Os investidores de capital de risco, irão assumir boa parte do risco na criação de novas empresas e, portanto, farão análise criteriosa do potencial de sucesso da spin-out. Ninguém tem mais experiência neste tipo de negócio do que os investidores de capital de risco adequados, os quais ainda possuem uma ampla rede de contatos, conhecimento sobre os modelos de negócios aplicáveis, cooperações possíveis, ameaças existentes (por exemplo, indústrias estabelecidas comercializando produto similar) (BOCKEN, 2015; KEUSCHNIGG, 2004), informações sobre mercados, volumes, preços de venda, etc., e farão um plano de negócios elaborado para concluírem sobre a viabilidade de criação desta nova empresa.

A Imprimatur Capital, por exemplo, empresa britânica de capital semente, com atuação em vários países, possui uma equipe de quatro especialistas para avaliar oportunidades de criação de empresas. Cada um destes especialistas atua em uma área específica: física, ciências da vida, energia e tecnologias da informação.

A mensagem que se deseja passar nesta seção é que, normalmente, a ICT não possui informações suficientes (nem recursos para obtê-las) para avaliar sozinha o potencial da invenção segundo a rota da spin-out. Se este for o caso, apesar dos critérios e sugestões de outros autores, a melhor prática a ser adotada é consultar investidores de capital de risco sobre a viabilidade da rota da spin-out. Se esta rota não for possível, a alternativa é o licenciamento à indústria. As duas rotas não são mutuamente exclusivas (a invenção pode ser candidata potencial para as duas). Se ambas forem possíveis e se o investidor de risco disser “sim”, recomenda-se que a spin-out seja fortemente considerada. A razão disto é que poucas oportunidades são indicáveis à criação de uma nova empresa e a resposta positiva do investidor de risco é forte indicador do elevado potencial de retorno financeiro da empresa aos inventores e à ICT.

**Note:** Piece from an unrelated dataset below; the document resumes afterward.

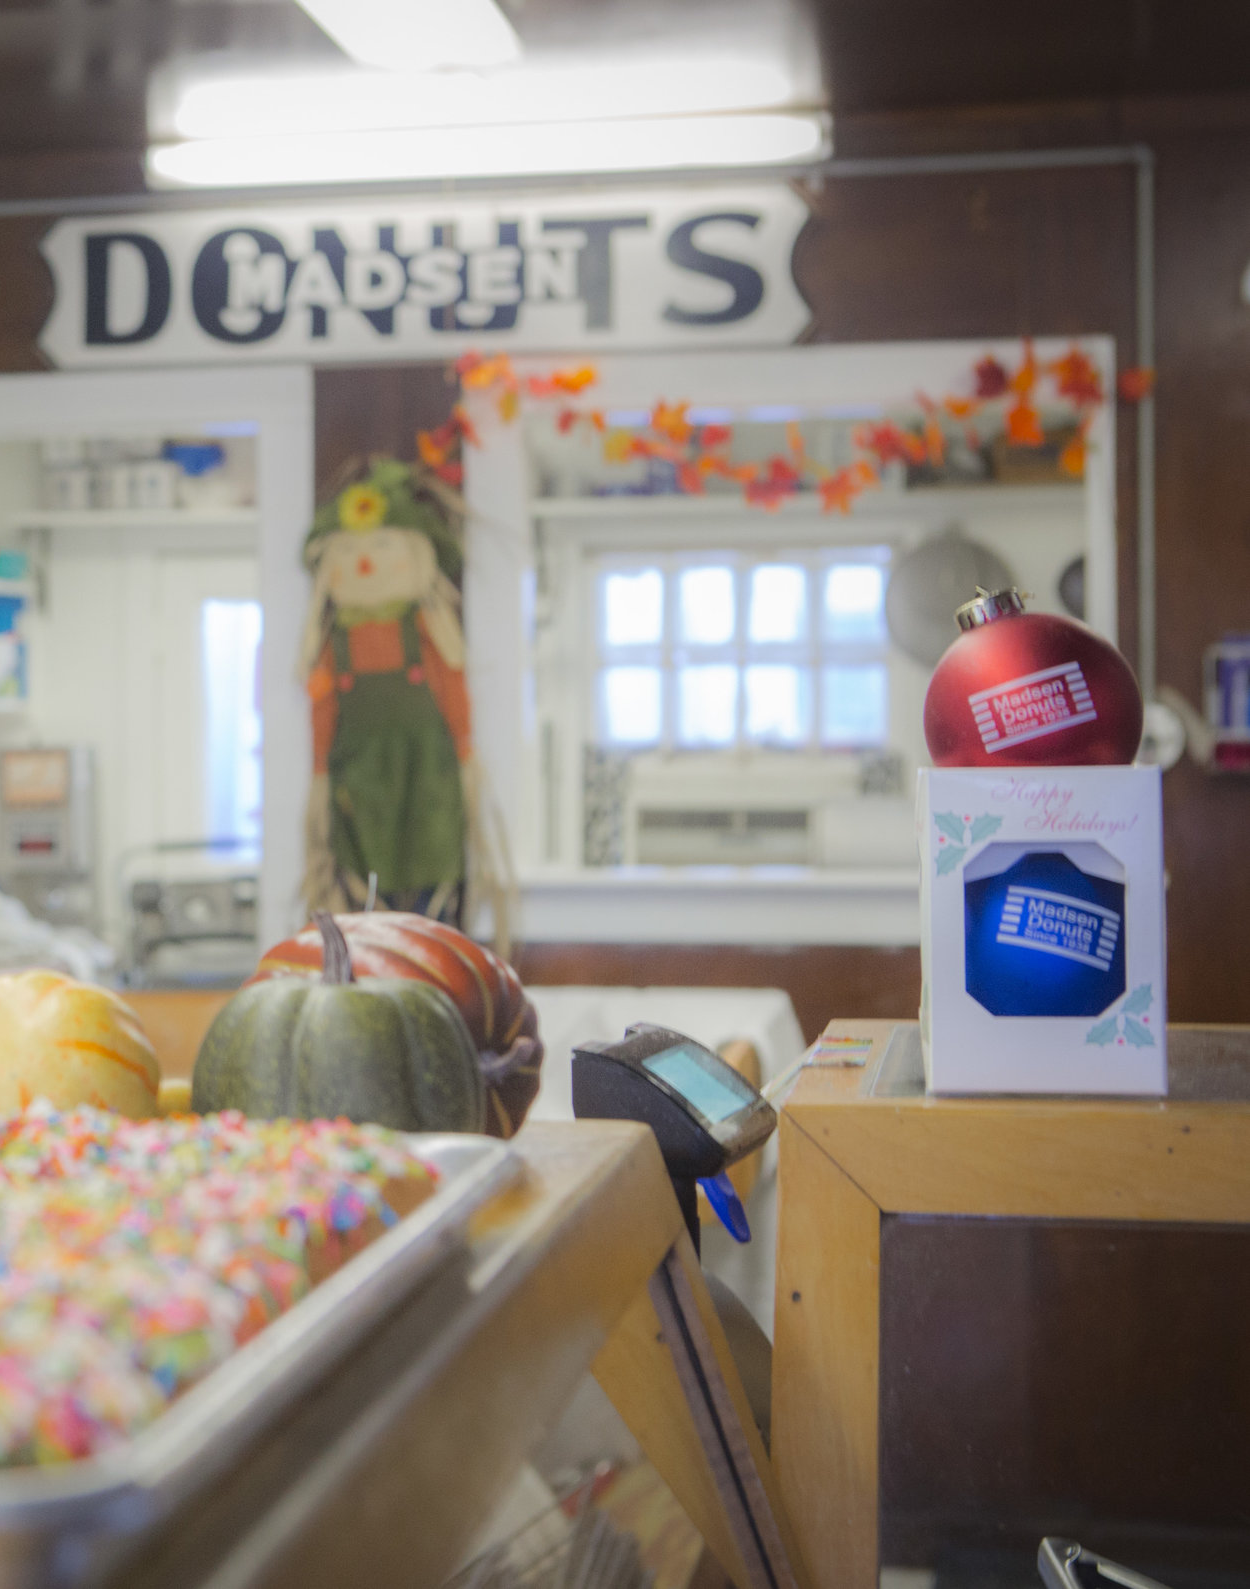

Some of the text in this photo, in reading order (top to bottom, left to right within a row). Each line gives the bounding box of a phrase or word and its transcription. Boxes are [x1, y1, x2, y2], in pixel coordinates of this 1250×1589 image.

O conhecimento e experiência do investidor é, portanto, importante e deve ser utilizado pela ICT. Assim:

Diretriz no 15: A ICT deve levar em conta a opinião de investidores de capital de risco

para concluir qual é a melhor rota para o mercado: licenciar a tecnologia a uma empresa estabelecida ou criar uma spin-out.

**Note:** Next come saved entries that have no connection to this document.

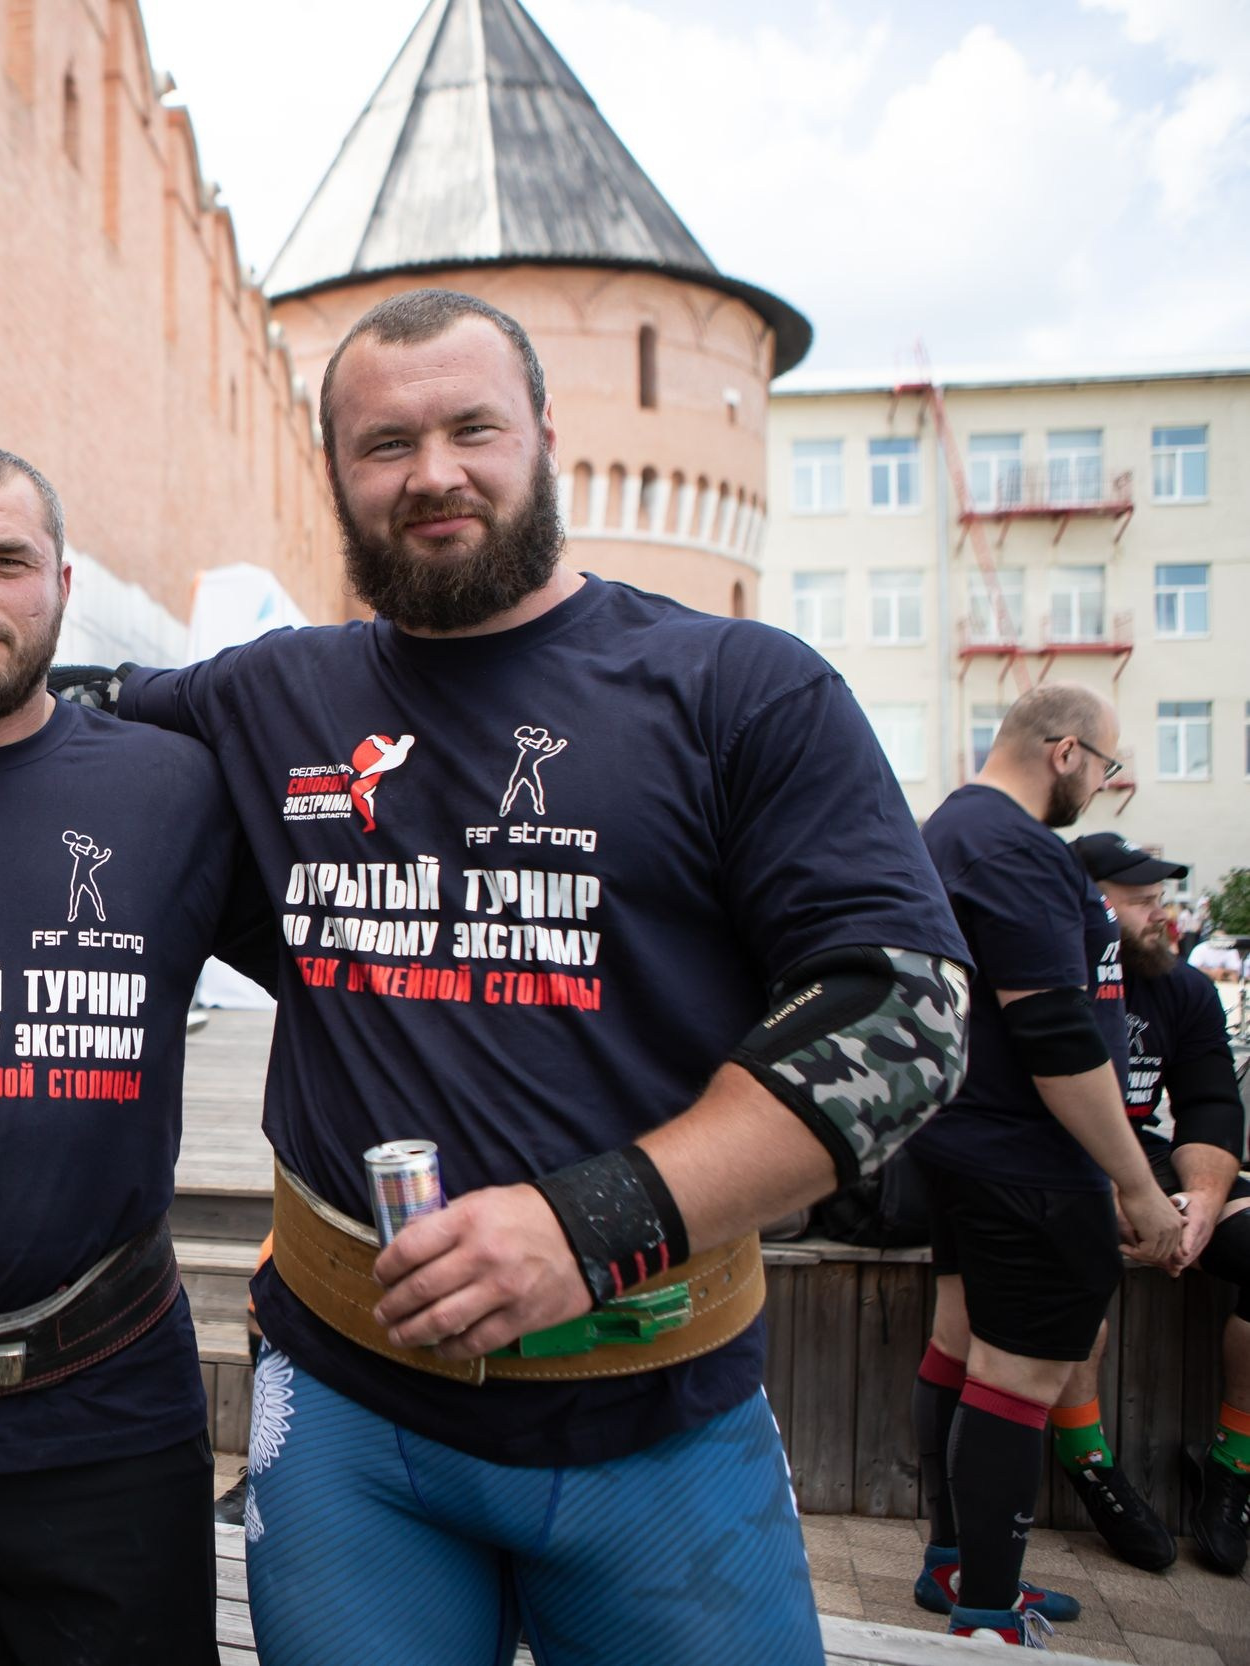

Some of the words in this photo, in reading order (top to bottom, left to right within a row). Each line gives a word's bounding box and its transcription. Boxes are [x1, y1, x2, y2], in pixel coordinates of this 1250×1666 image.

[287, 773, 350, 794] СИЛОВО
[283, 794, 352, 814] ЭКСТРИМА
[508, 821, 597, 852] strong
[285, 854, 440, 910] ОКРЫТЫЙ
[463, 869, 600, 921] ТУРНИР
[78, 928, 144, 954] strong
[452, 922, 600, 966] ЭКСТРИМУ
[23, 969, 147, 1017] ТУРНИР
[295, 955, 340, 987] БОК
[484, 971, 601, 1012] СТОЛИЦЫ
[15, 1024, 144, 1060] ЭКСТРИМУ
[48, 1068, 141, 1104] СТОЛИЦЫ

Além disto, o investidor de capital de risco normalmente atua como co-gestor da spin-

out. Isto é fundamental, dado que este tipo de investidor é especialista neste tipo de negócio

e que a gestão é fator crítico para o sucesso de empresas nascentes. No Brasil, infelizmente, a maioria dos empreendedores prefere obter recursos das agências de fomento governamentais do que fazer parceria com um investidor. A razão disto é que o investidor fica com quotas da empresa (dado que aporta investimentos nesta), o que não ocorre no caso das agências de fomento. Entretanto, o capital proveniente destas agências governamentais não é acompanhado de gestão, ponto vital ao sucesso destas novas empresas e a principal razão da mortalidade precoce destas. Infelizmente, a maioria dos empreendedores não têm a percepção de que é preferível dividir com o investidor um negócio que irá deslanchar do que possuir cem por cento de um negócio que acabará em estagnação ou falência. Assim sendo:

Diretriz no 16: A experiência do parceiro investidor em gestão é fator crítico para o

sucesso da spin-out. A ICT deve considerar fortemente esta parceria, mesmo que isto signifique dividir cotas de participação com este parceiro.